Doesn’t going from 2 to 3 wrongly imply c/λ²=1?

 

[laser1]

Doesn’t going from 2 to 3 wrongly imply c/λ²=1?

You are correct, sorry, I should have mentioned that the u's are not the same. The 2nd equation u is not the same as 3rd equation u. 2nd equation is per unit frequency, 3rd equation is per unit wavelength. My question is how to distinguish that the u's are different.

 

[Frabjous]

Do you have a reference for this notation? If it is from multiple sources, you are just observing author’s discretion.

 

[kuruman]

My question is for notation: how to distinguish between the 2nd and 3rd equation?

There is nothing to distinguish. The second equation is incorrect and the third is correct. You are forgetting that $u(\text{whatever,T})$ is a distribution function. It represents energy $d\epsilon$ within an interval $d(\text{whatever,T})$. So, if whatever = frequency, the starting equation is $$d\epsilon=u(\nu,T)d\nu.$$ Then, $$d\epsilon= \frac{8 \pi h \nu^3}{c^3} \cdot \frac{1}{e^{h \nu / k T} - 1}d\nu.$$ Now you replace the frequency symbols with the wavelength symbols using $\nu=c/\lambda$ to get $$d\epsilon= \frac{8 \pi }{\lambda^3} \cdot \frac{1}{e^{\frac{h c}{ \lambda k T}} - 1}\left( -\frac{c}{\lambda^2}\right)d\lambda$$which gives the distribution function $$u(\lambda,T)=\frac{d\epsilon}{d\lambda}=\frac{8 \pi h c }{\lambda^5} \cdot \frac{1}{e^{\frac{h c}{ \lambda k T}} - 1}.$$ The negative sign is dropped because all it says is that $d\epsilon$ is positive when the frequency is increasing and negative when the wavelength is increasing.

On edit:
I should have clarified that $d\epsilon$ is an energy density interval i.e. energy per unit volume as dimensional analysis shows.

 

[vela]

You are correct, sorry, I should have mentioned that the u's are not the same.

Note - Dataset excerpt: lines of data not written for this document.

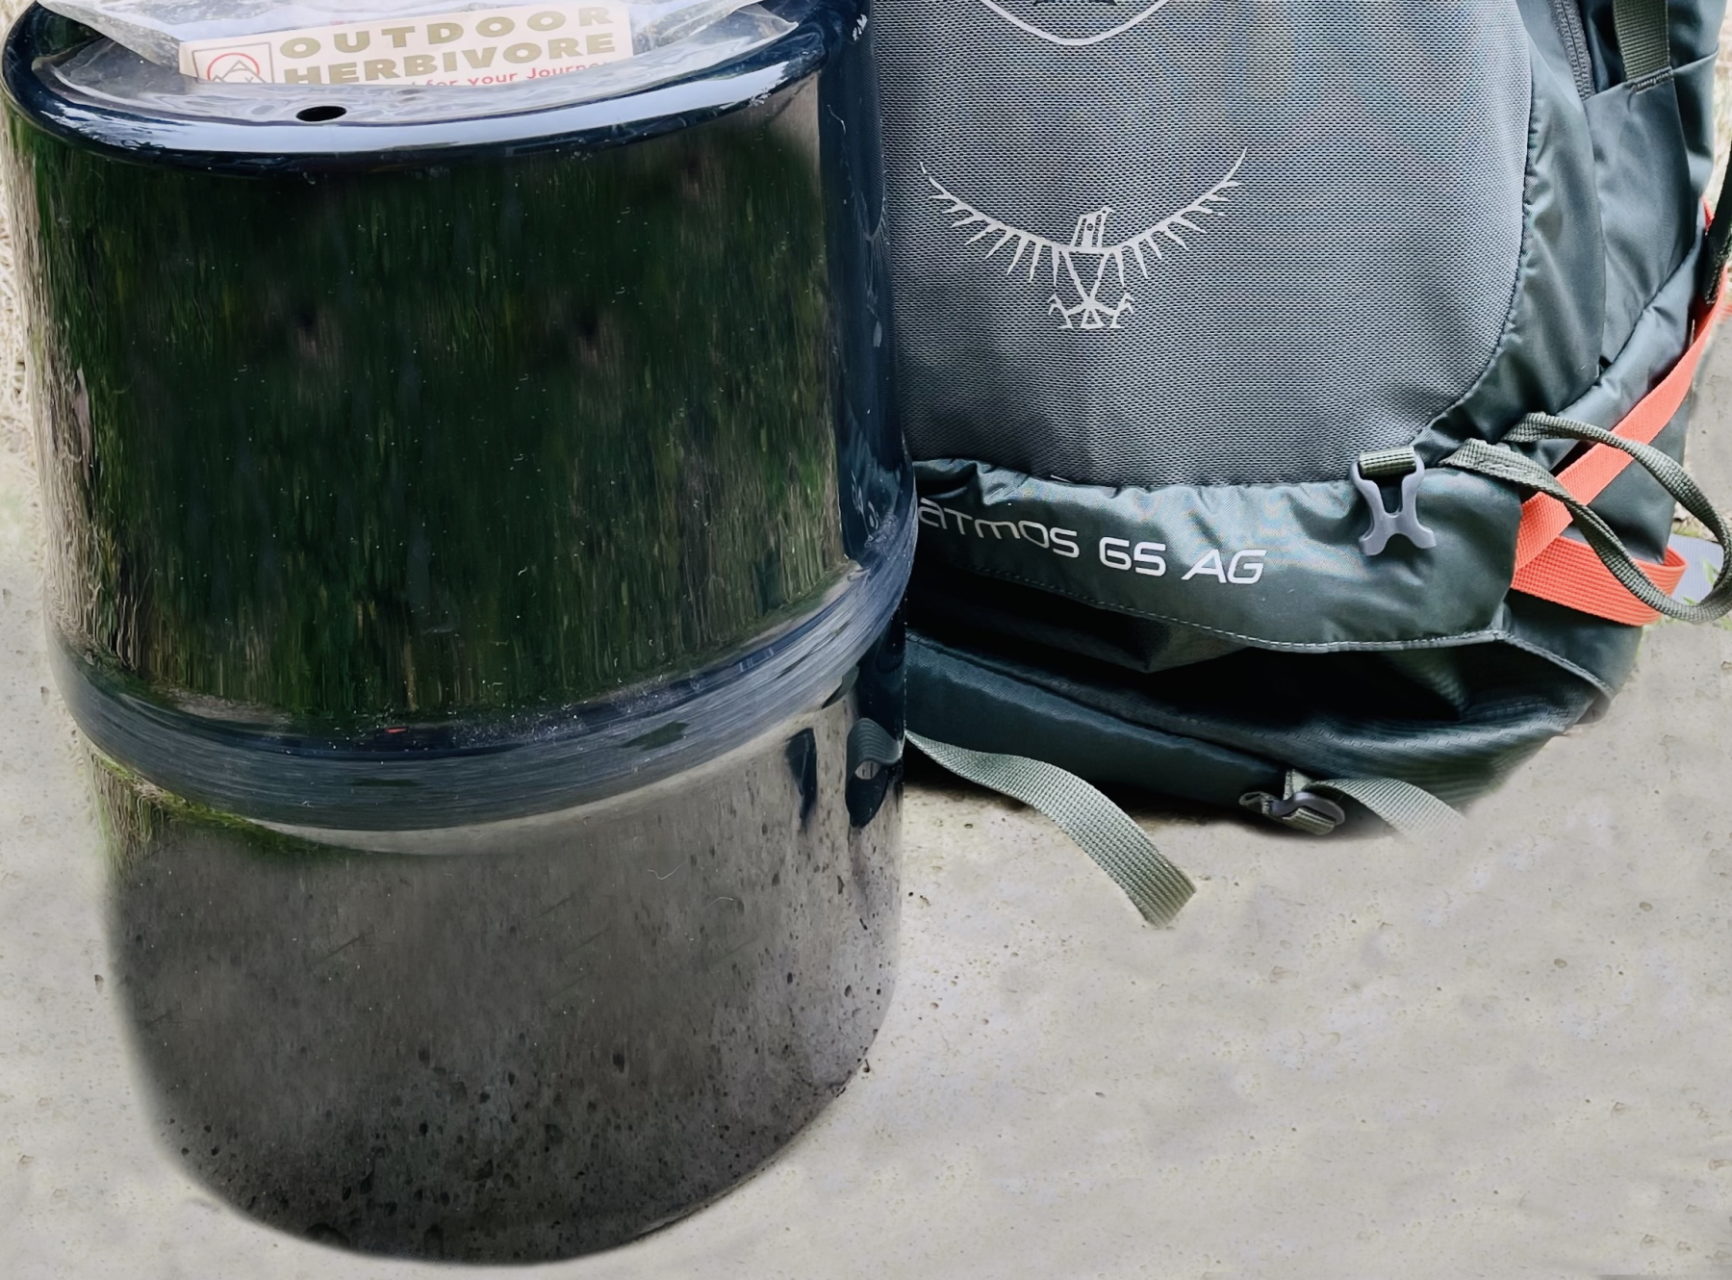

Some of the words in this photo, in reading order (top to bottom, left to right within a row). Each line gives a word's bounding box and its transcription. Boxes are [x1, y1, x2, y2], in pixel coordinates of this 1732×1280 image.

[279, 5, 614, 58] OUTDOOR
[284, 32, 617, 85] HERBIVORE
[1100, 536, 1166, 577] 65
[1181, 549, 1266, 584] AG
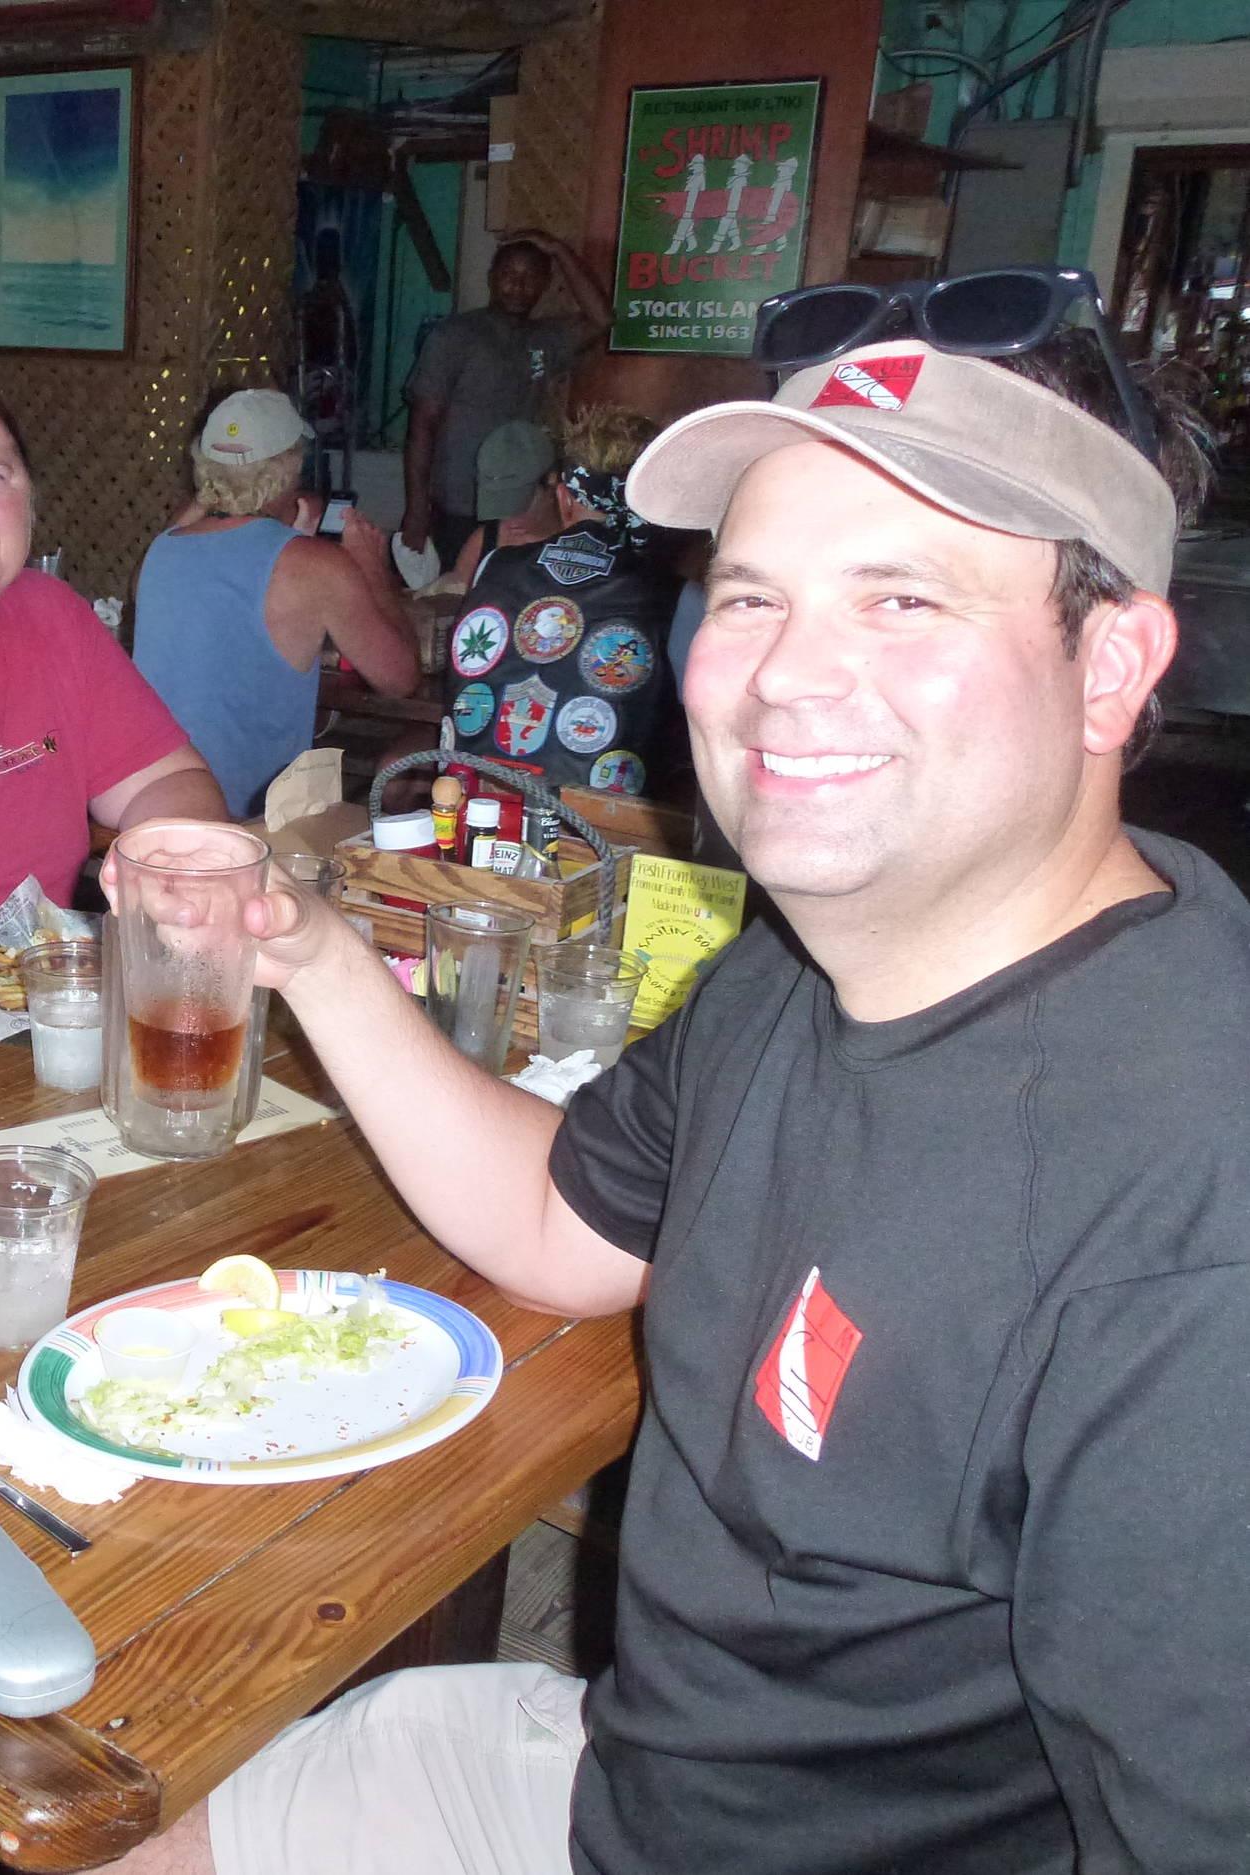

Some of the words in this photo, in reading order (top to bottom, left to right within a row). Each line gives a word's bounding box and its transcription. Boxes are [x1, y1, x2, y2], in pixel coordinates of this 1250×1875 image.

[655, 122, 793, 178] SHRIMP
[628, 252, 783, 290] BUCKET
[628, 300, 691, 318] STOCK
[696, 300, 759, 319] ISLAN
[648, 325, 703, 339] SINCE
[706, 325, 751, 340] 1963
[494, 850, 519, 861] EINZ
[694, 908, 713, 919] UA

The 2nd equation u is not the same as 3rd equation u. 2nd equation is per unit frequency, 3rd equation is per unit wavelength. My question is how to distinguish that the u's are different.

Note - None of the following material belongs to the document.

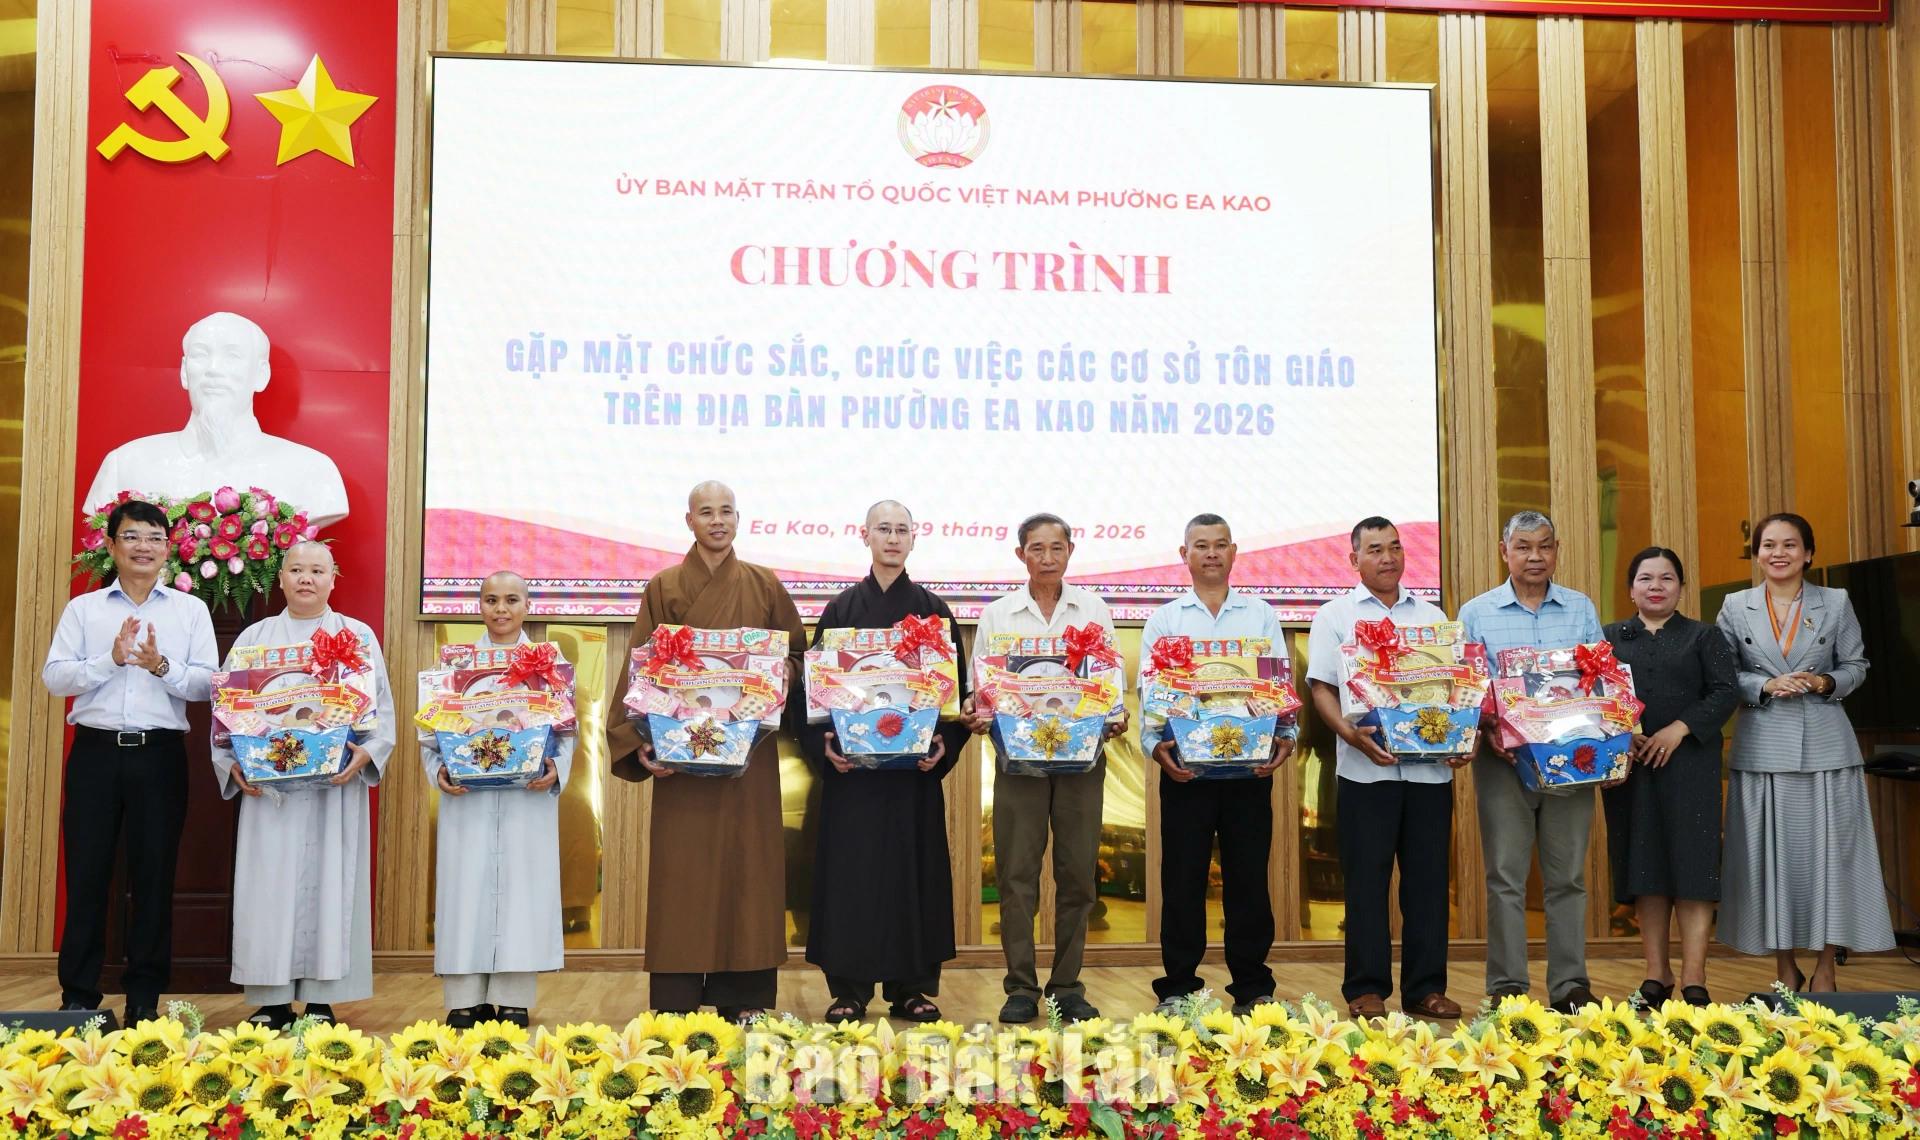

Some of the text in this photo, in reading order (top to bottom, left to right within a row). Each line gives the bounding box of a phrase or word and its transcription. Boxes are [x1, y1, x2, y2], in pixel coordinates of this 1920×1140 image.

The usual way—use a different letter, add a subscript, etc.

 

[vela]

The second equation is incorrect and the third is correct.

A mathematician would disagree. The $u$ in $u(\nu,T)$ and in $u(\lambda,T)$ represent different functions, so they should, strictly speaking, be denoted differently.

 

[kuruman]

The second equation is incorrect and the third is correct.

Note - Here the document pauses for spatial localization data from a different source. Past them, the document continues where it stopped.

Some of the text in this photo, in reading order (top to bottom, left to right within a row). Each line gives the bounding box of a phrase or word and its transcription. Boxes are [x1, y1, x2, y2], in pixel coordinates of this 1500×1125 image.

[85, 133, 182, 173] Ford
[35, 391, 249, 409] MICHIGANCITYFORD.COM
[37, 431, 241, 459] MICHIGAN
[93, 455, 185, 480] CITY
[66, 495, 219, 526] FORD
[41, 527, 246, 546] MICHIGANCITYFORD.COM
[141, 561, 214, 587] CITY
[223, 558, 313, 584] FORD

A mathematician would disagree. The $u$ in $u(\nu,T)$ and in $u(\lambda,T)$ represent different functions, so they should, strictly speaking, be denoted differently.

I have seen $u_{\nu}$ and $u_{\lambda}$ in textbooks. To me the distinction is obvious when I look to the right hand side and see whether there is a frequency or a wavelength. Nevertheless, the OP's second equation is mathematically and dimensionally incorrect as a distribution function.

OP's first equation is energy density per frequency interval. Dimensionally, when multiplied by frequency units it gives energy density (Joules/m³). Likewise, when the third equation is multiplied by units of length, it also gives energy density units.

OP's second equation is none of the above and a physicist would say that it is dimensionally incorrect. This problem arose when OP, in trying to convert from a per frequency interval to a per wavelength interval, did not take into account that the distribution functions are basically derivatives and, therefore, the two intervals are related by the chain rule.

 

[laser1]

OP's second equation is none of the above

If you multiply the second equation by frequency units it gives units of energy density $(J/m^3)$. I would say that the second equation is energy density per frequency interval, but expressed in terms of wavelength rather than frequency.

 

[kuruman]

If you multiply the second equation by frequency units it gives units of energy density $(J/m^3)$. I would say that the second equation is energy density per frequency interval, but expressed in terms of wavelength rather than frequency.

Sure, but then if you plot this, you have energy density per frequency interval as a function of wavelength. How useful is that?

 

[laser1]

Sure, but then if you plot this, you have energy density per frequency interval as a function of wavelength. How useful is that?

Fair, very good point.